Progressive decriminalisation involves not just changing the law but providing youth services and good quality informal education in youth settings to young people. It also involves reducing poverty and homelessness, which drive problematic drug use. Alongside that, it involves gradually lessening the damage we are doing to people by criminalising them. That starts, and I think it can start immediately, by decriminalising the possession of drugs. As I have said, there is very little evidence that that would be harmful and there is lots of evidence that it would reduce the harms of criminalisation. That is what it does. Then we could take evidence-based steps towards more regulated and less punitive forms of distributing drugs.

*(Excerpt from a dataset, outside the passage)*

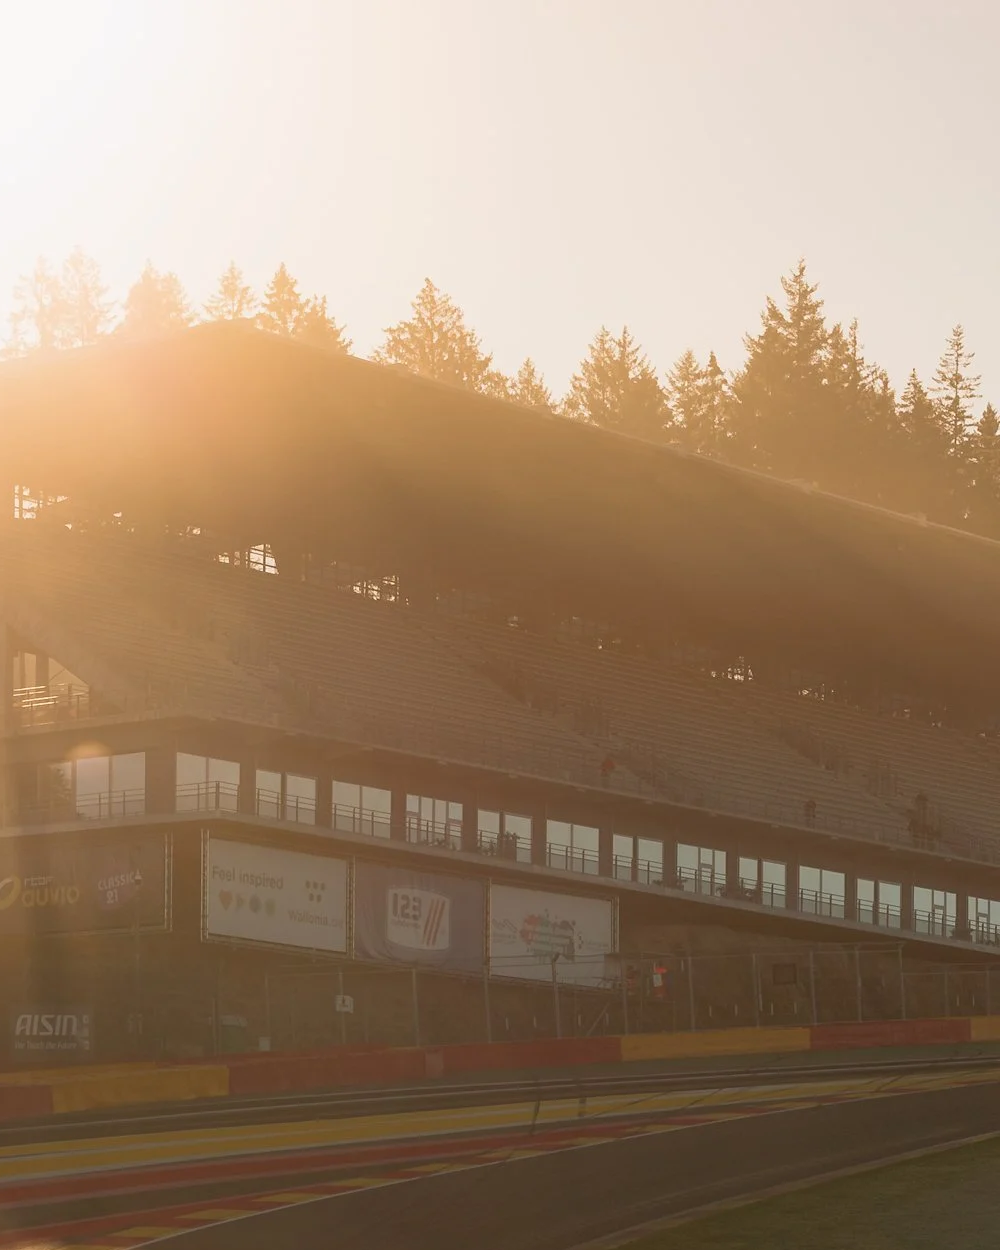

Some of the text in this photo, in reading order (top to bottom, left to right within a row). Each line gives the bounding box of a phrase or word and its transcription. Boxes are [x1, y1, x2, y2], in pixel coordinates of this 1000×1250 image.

There are philosophical issues about the freedoms of individuals and, indeed, companies to benefit and profit from these substances but I would also like to see us developing more evidence to inform these discussions. A lot of these discussions take place in the absence of evidence, partly because it has been illegal to carry out experiments on different ways of regulating substances. I am perhaps a little more concerned than my colleagues on this panel about, for example, the possibility of diverting substances which are lethal in overdose, like opioids and cocaine. There was reference, for example, to the possibility of people shopping around and getting large quantities by accumulating their supply. There are systems that you can put in place. For example, the Uruguayan licensed user model is a way that you can limit the amount of drugs that any one person can do. With modern technology it is quite easy to put those sorts of controls in place. I would like to see us starting with decriminalisation of possession and then a range of carefully designed controlled experiments about how best to regulate the supply in order to reduce the harms of the illicit market while not expanding diversion of potentially lethal substances. That would be done in the context of improving social policy, reducing poverty and improving the education that people get. To my mind, that is almost more important than changing the drug law.